中国は10日、コロナ禍で3年間中断していた韓国など78カ国への団体旅行を許可した。韓国への団体旅行が公に許可されたのは新型コロナウイルスの感染拡大以来3年7カ月ぶりで、中国人が周囲の目を気にせず韓国に行けるようになったのは韓中間でTHAAD(高高度ミサイル防御)問題が勃発した2017年以来6年ぶり。
中国文化観光部はこの日、公式ウェブサイトに掲載した「中国国民の海外旅行に関する第3次通知」を通じて、韓国などに対する自国民の団体旅行をこの日から許可すると発表した。この日発表された中国人の団体旅行許可の対象国は、韓国、米国、日本、トルコ、ドイツ、英国など78カ国。

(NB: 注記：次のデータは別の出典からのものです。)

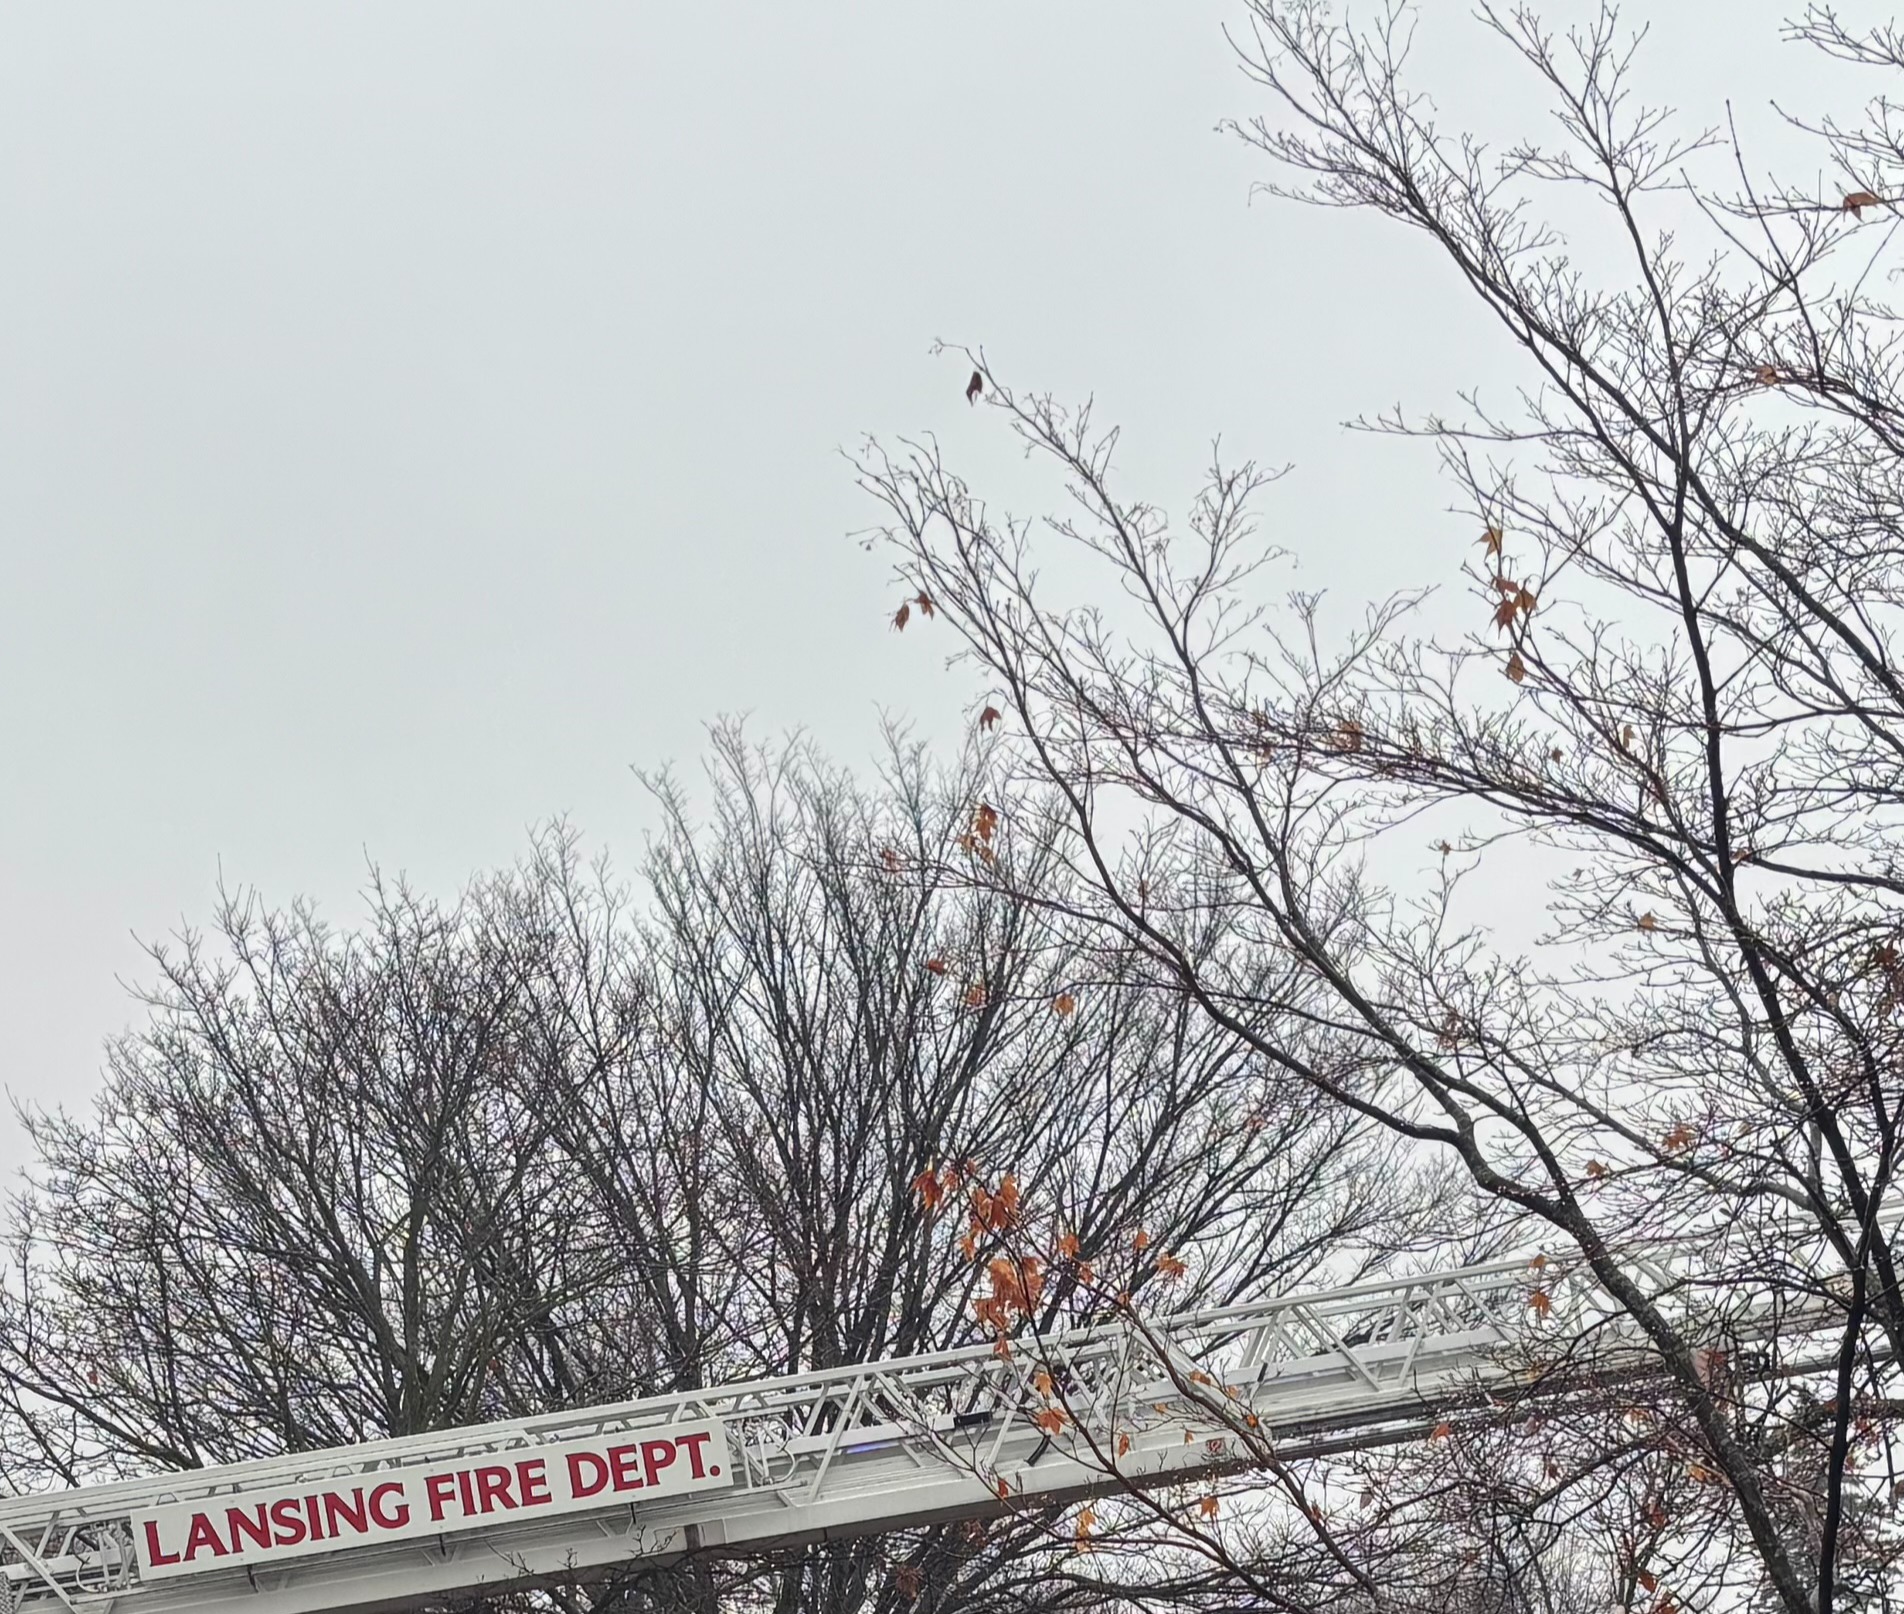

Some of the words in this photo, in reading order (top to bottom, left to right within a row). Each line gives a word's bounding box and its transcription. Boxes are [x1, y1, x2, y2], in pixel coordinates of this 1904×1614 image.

[146, 1481, 411, 1568] LANSING
[424, 1458, 552, 1522] FIRE
[565, 1432, 721, 1500] DEPT.

2~3月に団体旅行を許可した60カ国を合わせると、中国人は合計138カ国に団体国外旅行に行くことが可能になった。全世界の約200カ国の70%だが、実際に団体旅行に行ける国はほとんど含まれているとみられる。文化観光部は「経済と社会の発展にさらに貢献するため、中国国民が国外旅行できる国を復活させる」と明らかにした。
中国は、コロナ禍が始まった2020年1月、自国民の国外団体旅行を全面禁止し、今年2月からこれを次々と解除している。初めは2月にタイ、インドネシアなど20カ国への団体旅行を許可し、3月にはベトナム、イラン、フランス、スペインなど40カ国を解除している。
韓国は2016年に中国と在韓米軍のTHAAD配備問題で対立が生じた後、中国人観光客が急減する痛手を受けた。中国政府は当時、明言はしなかったが、韓国への団体観光を事実上禁止した。そのため2016年は807万人に達した中国人観光客は、2017年には417万人に半減した。その後、両国間の冷えこんだ雰囲気が薄れ、上海市や江蘇省など地方政府が2017年末から団体旅行を許可し、2019年に中国人観光客は602万人まで回復した。だが、2020年初めのコロナ禍以降、中国人観光客は2020年は69万人、2021年は17万人、2022年は23万人とふたたび急減した。
中国政府は9日、中国への入国ビザを取得する際、外国人に義務として要求していた指紋採取も、今年の年末まで免除することにした。入国前の指紋採取は中国への入国を難しくする障害となっていた。そのため、今年の第1四半期に旅行会社を通じて中国を訪れた外国人観客数は5万2000人にとどまった。2019年の第1四半期に中国を訪れた外国人観客数は370万人に達したことに比べると、きわめて少ない人数だ。
中国政府のこの日の措置について、日本は歓迎の立場を明らかにした。日本の磯崎仁彦官房副長官はこの日午前の記者会見で、中国政府の団体旅行再開の方針について「(日中の)交流活発化に向けて取り組む」と期待感を示した。コロナ禍直前の2019年に日本を訪れた中国人は959万人で、全体の約30%を占めた。
中国が自国民の国外団体旅行の制限を解除し、外国人に対するビザ発行の条件を緩和するのは、低迷した経済を回復させるための措置とみられる。低迷する消費心理を刺激するために、人の往来を活発にさせる旅行という切り札を出したのだ。中国は7月、消費者物価上昇率がマイナス(-0.3%)にまで下がり、同じ月の輸出額は15%以上減少するなど、深刻な景気低迷の様相を示している。現在、中国当局は、税金引き下げ、不動産規制緩和、消費促進策の導入など、経済再生のために必死になっている。